__Exercise instructions__
Repeat every record below exactly, but leave out any pictures.

__Data__
■ ■ ■ ■

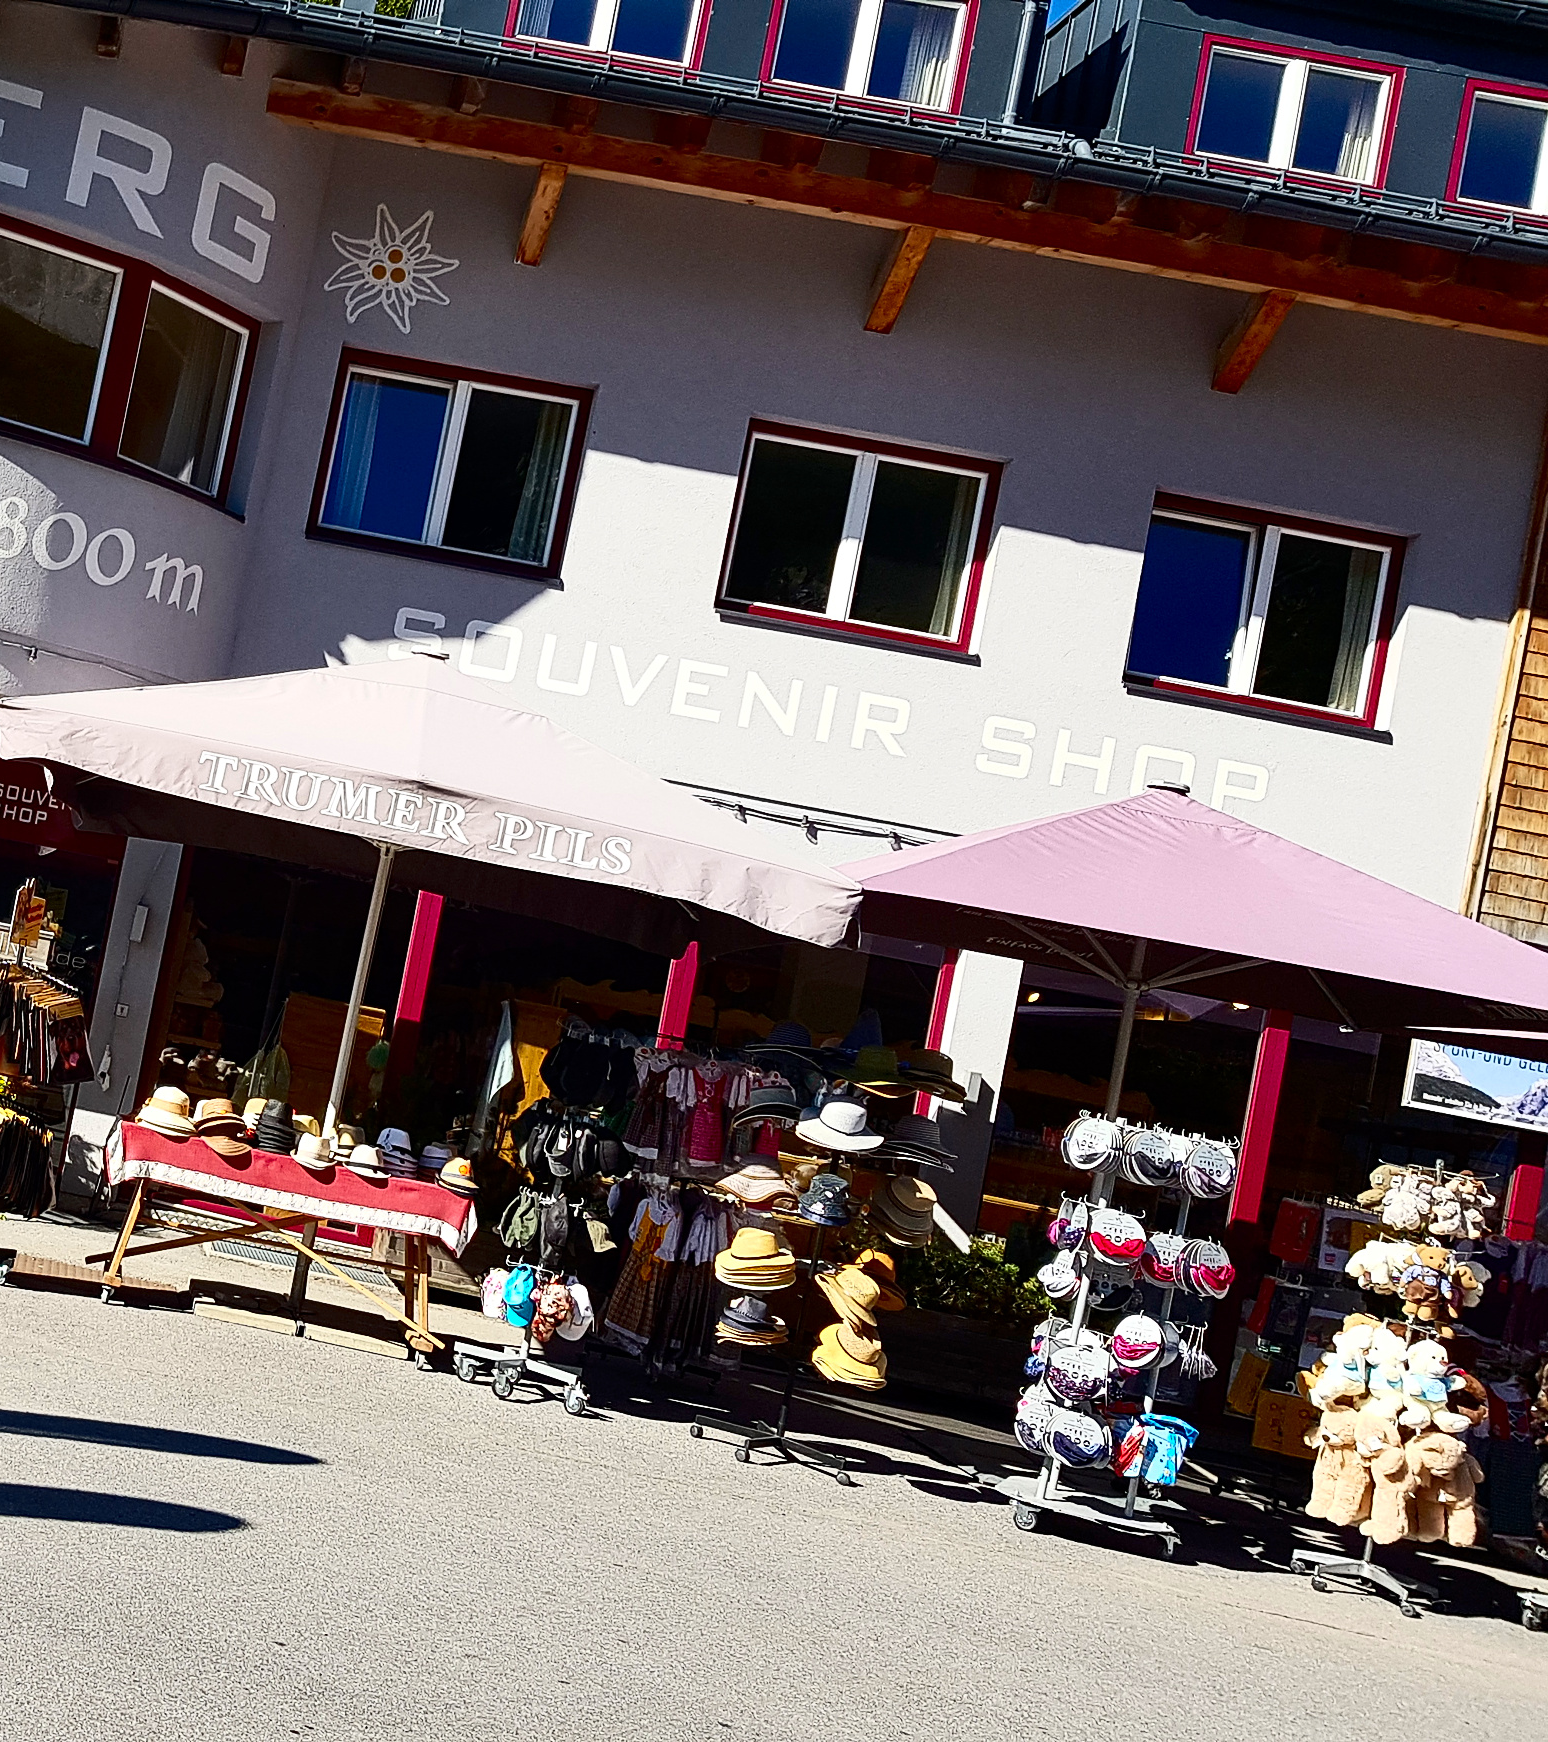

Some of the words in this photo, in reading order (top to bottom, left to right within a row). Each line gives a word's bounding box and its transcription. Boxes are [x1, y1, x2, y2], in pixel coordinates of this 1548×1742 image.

[142, 551, 205, 618] m
[388, 606, 913, 760] SOUVENIR
[974, 714, 1272, 814] SHOP
[198, 750, 470, 847] TRUMER
[492, 810, 633, 876] PILS

■ ■ ■ ■

__Answer section__
Some of the words in this photo, in reading order (top to bottom, left to right within a row). Each line gives a word's bounding box and its transcription. Boxes are [x1, y1, x2, y2], in pixel coordinates of this 1548×1742 image.

[142, 551, 205, 618] m
[388, 606, 913, 760] SOUVENIR
[974, 714, 1272, 814] SHOP
[198, 750, 470, 847] TRUMER
[492, 810, 633, 876] PILS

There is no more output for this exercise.